No-Bake Toblerone Cheesecake (aka danger!)

My soon-to-be sister-in-law, Amanda, introduced me to this recipe.  She said she got it off the Kraft website, but it doesn’t appear to be there anymore.

This cake is extremely tasty and easy to make… It’s pretty dangerous!

For my cheesecake-loving-Dad’s birthday, it was the perfect thing!

Toblerone Cheesecake

Here are the directions from Amanda:

What you need:

– 1 1/4 cup of Oreo baking crumbs

– 1/2 cup of butter

– 2 pkg of cream cheese

– 1 cup of peanut butter

– 1 cup of sugar

– 200g of Toblerone (4 mini bars or 2 regular size bars)
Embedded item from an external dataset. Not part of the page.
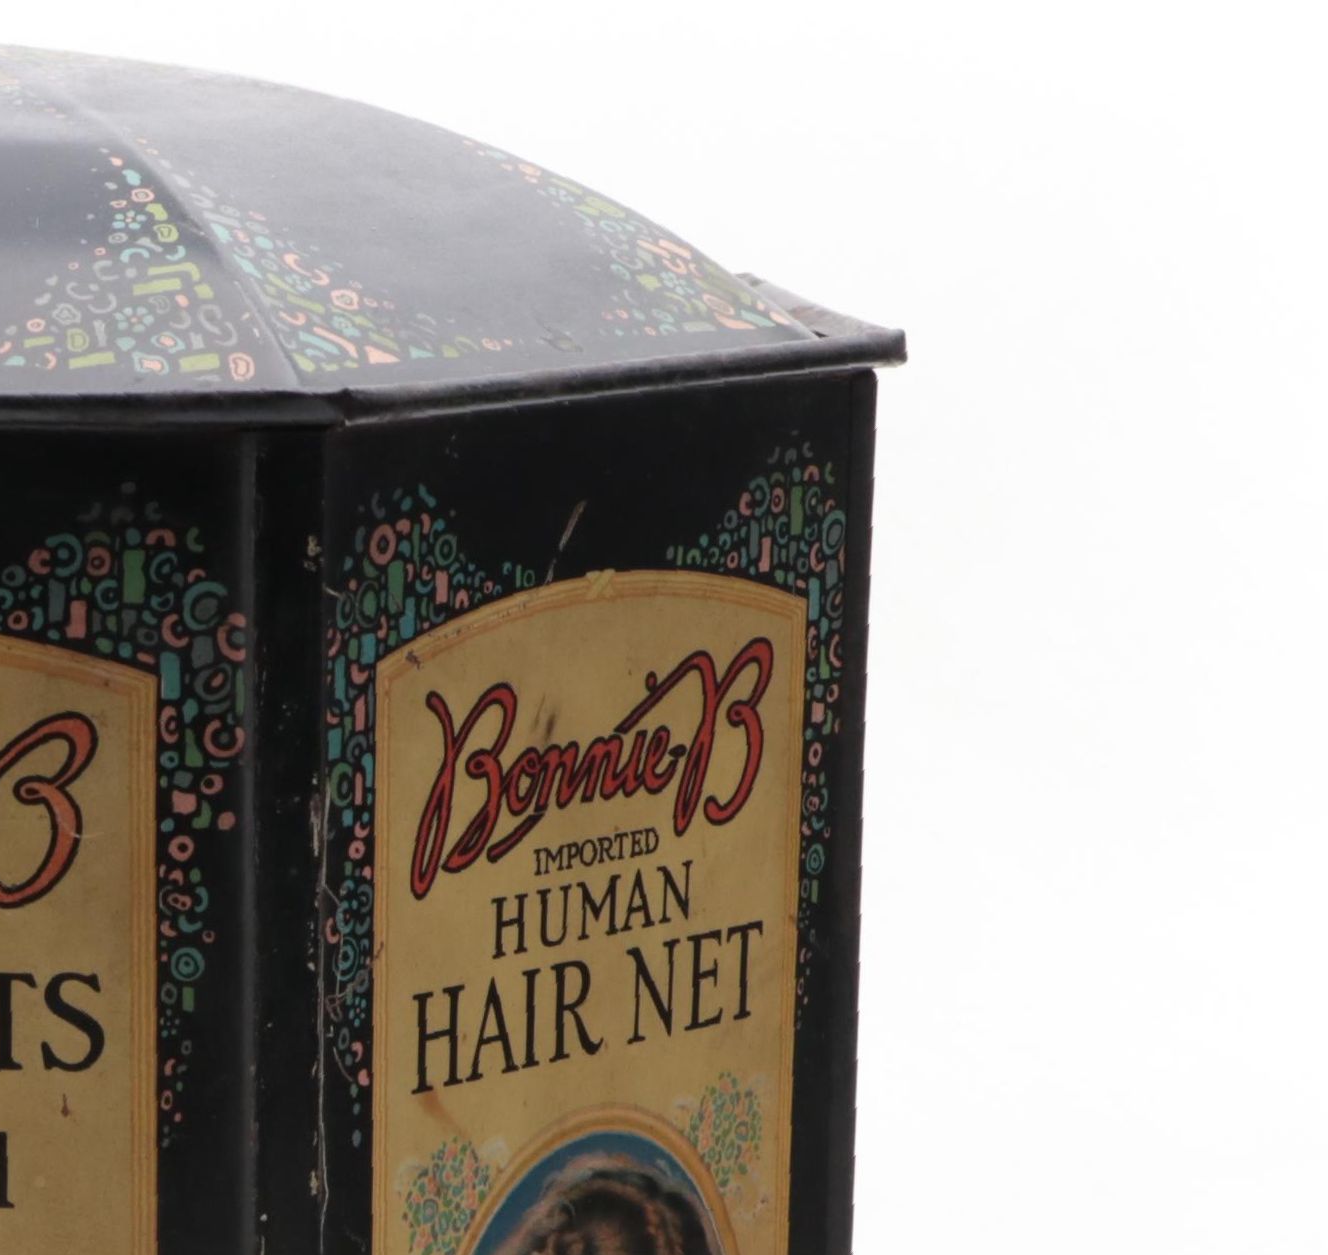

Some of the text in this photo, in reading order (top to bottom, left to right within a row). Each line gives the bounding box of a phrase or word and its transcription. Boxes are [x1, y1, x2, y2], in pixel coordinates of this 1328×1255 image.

[534, 828, 659, 875] IMPORTED
[491, 860, 693, 959] HUMAN
[412, 921, 763, 1094] HAIR NET
– 1 1/2 cups of cool whip (thawed)

Directions: Melt the butter in the microwave and mix the Oreo crumbs with melted butter than press it down in a 9″ spring form pan (I usually use the back of a spoon and push it and smooth it out to the edges- it doesn’t seem like it will be enough but it definitely will cover the entire bottom) Refrigerate crust for at least 10 minutes Beat cream cheese, peanut butter and sugar until well blended Cut half the Toblerone (100g) into small pieces and mix into cream cheese mixture Whisk in 1 cup of cool whip into mixture Spoon mixture over crust and refrigerate for 3 hours Microwave remaining cool whip (1/2 cup) and remaining Toblerone in the microwave for 1 minute and pour over mixture and refrigerate until firm When ready to serve run knife along the edge of the pan to loosen cake and remove the rim.

Then invite people over to eat it with you (so you don’t try to eat the whole thing yourself!)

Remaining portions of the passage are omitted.